Entries shown Start Marker
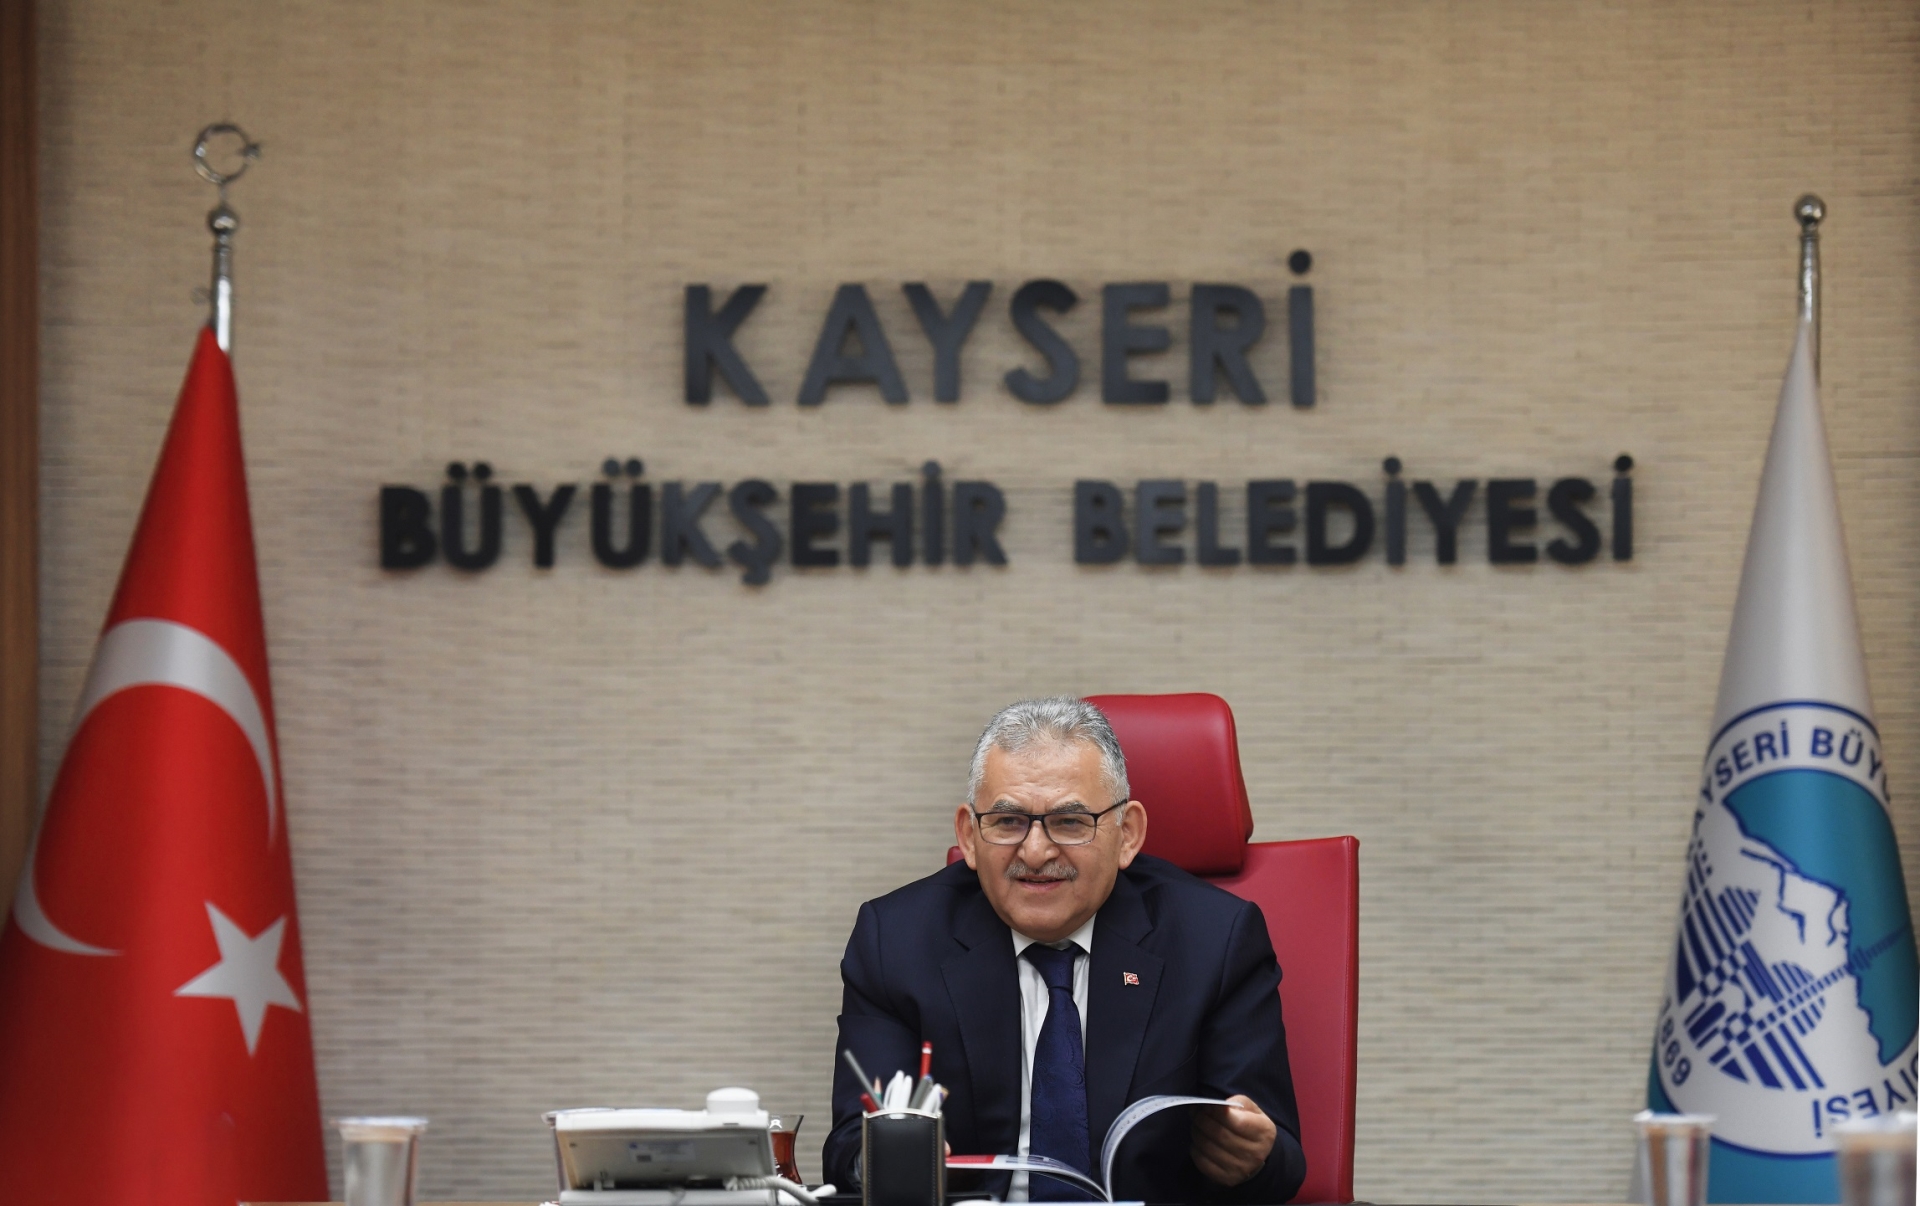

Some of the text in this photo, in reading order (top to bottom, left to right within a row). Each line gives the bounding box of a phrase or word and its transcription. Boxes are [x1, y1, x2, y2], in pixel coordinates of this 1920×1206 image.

[683, 249, 1317, 407] KAYSERİ
[378, 454, 1635, 587] BÜYÜKŞEHİR BELEDİYESİ
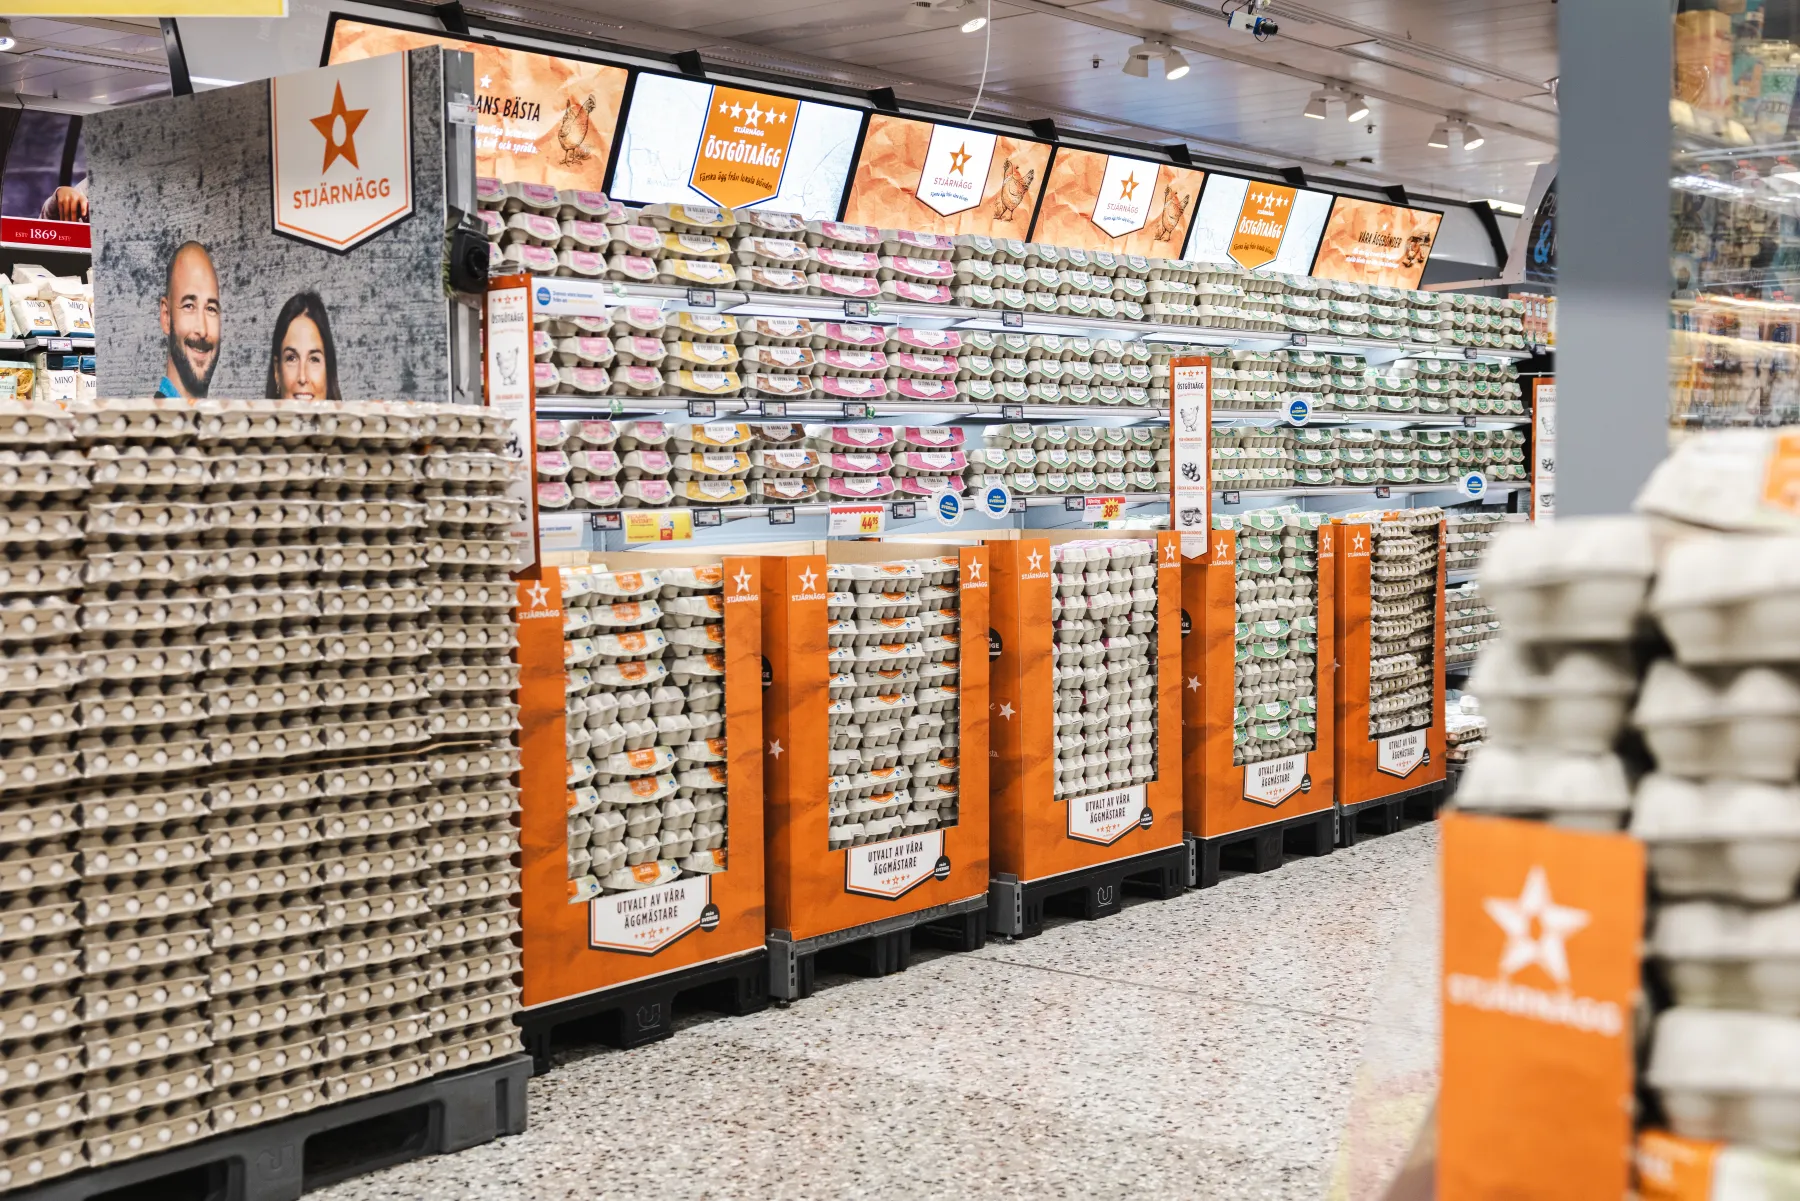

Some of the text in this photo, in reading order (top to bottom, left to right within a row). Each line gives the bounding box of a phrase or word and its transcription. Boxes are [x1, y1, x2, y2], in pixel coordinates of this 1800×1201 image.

[502, 96, 541, 122] BÄSTA
[704, 134, 782, 168] ÖSTGÖTAÄGG
[700, 172, 716, 182] Färska
[718, 172, 728, 182] ägg
[728, 171, 740, 181] från
[740, 173, 756, 184] lokala
[934, 177, 972, 190] STJÄRNÄGG
[293, 177, 390, 210] STJÄRNÄGG
[30, 228, 57, 240] 1869
[1238, 216, 1283, 239] ÖSTGÖTAÄGG
[54, 376, 74, 384] MINO
[1176, 382, 1204, 390] ÖSTGÖTAÄGG
[861, 517, 872, 529] 44
[1021, 572, 1049, 580] STJÄRNÄGG
[962, 580, 988, 590] STJÄRNÄGG
[726, 594, 759, 604] STJÄRNÄGG
[791, 592, 826, 602] STJÄRNÄGG
[518, 608, 560, 620] STJÄRNÄGG
[1258, 760, 1294, 776] UTVALT AV VÅRA
[1261, 773, 1290, 787] ÄGGMÄSTARE
[1085, 792, 1130, 812] UTVALT AV VÅRA
[1090, 807, 1126, 824] ÄGGMÄSTARE
[868, 840, 923, 862] UTVALT AV VÅRA
[873, 856, 917, 876] ÄGGMÄSTARE
[617, 888, 686, 914] UTVALT AV VÅRA
[624, 906, 678, 929] ÄGGMÄSTARE
[701, 915, 718, 923] SVERIGE
Entries shown End Marker
■ To do
Pictures are to be dropped; every line of the records is to be returned unchanged.

■ Result of this exercise
Some of the text in this photo, in reading order (top to bottom, left to right within a row). Each line gives the bounding box of a phrase or word and its transcription. Boxes are [x1, y1, x2, y2], in pixel coordinates of this 1920×1206 image.

[683, 249, 1317, 407] KAYSERİ
[378, 454, 1635, 587] BÜYÜKŞEHİR BELEDİYESİ

Some of the text in this photo, in reading order (top to bottom, left to right within a row). Each line gives the bounding box of a phrase or word and its transcription. Boxes are [x1, y1, x2, y2], in pixel coordinates of this 1800×1201 image.

[502, 96, 541, 122] BÄSTA
[704, 134, 782, 168] ÖSTGÖTAÄGG
[700, 172, 716, 182] Färska
[718, 172, 728, 182] ägg
[728, 171, 740, 181] från
[740, 173, 756, 184] lokala
[934, 177, 972, 190] STJÄRNÄGG
[293, 177, 390, 210] STJÄRNÄGG
[30, 228, 57, 240] 1869
[1238, 216, 1283, 239] ÖSTGÖTAÄGG
[54, 376, 74, 384] MINO
[1176, 382, 1204, 390] ÖSTGÖTAÄGG
[861, 517, 872, 529] 44
[1021, 572, 1049, 580] STJÄRNÄGG
[962, 580, 988, 590] STJÄRNÄGG
[726, 594, 759, 604] STJÄRNÄGG
[791, 592, 826, 602] STJÄRNÄGG
[518, 608, 560, 620] STJÄRNÄGG
[1258, 760, 1294, 776] UTVALT AV VÅRA
[1261, 773, 1290, 787] ÄGGMÄSTARE
[1085, 792, 1130, 812] UTVALT AV VÅRA
[1090, 807, 1126, 824] ÄGGMÄSTARE
[868, 840, 923, 862] UTVALT AV VÅRA
[873, 856, 917, 876] ÄGGMÄSTARE
[617, 888, 686, 914] UTVALT AV VÅRA
[624, 906, 678, 929] ÄGGMÄSTARE
[701, 915, 718, 923] SVERIGE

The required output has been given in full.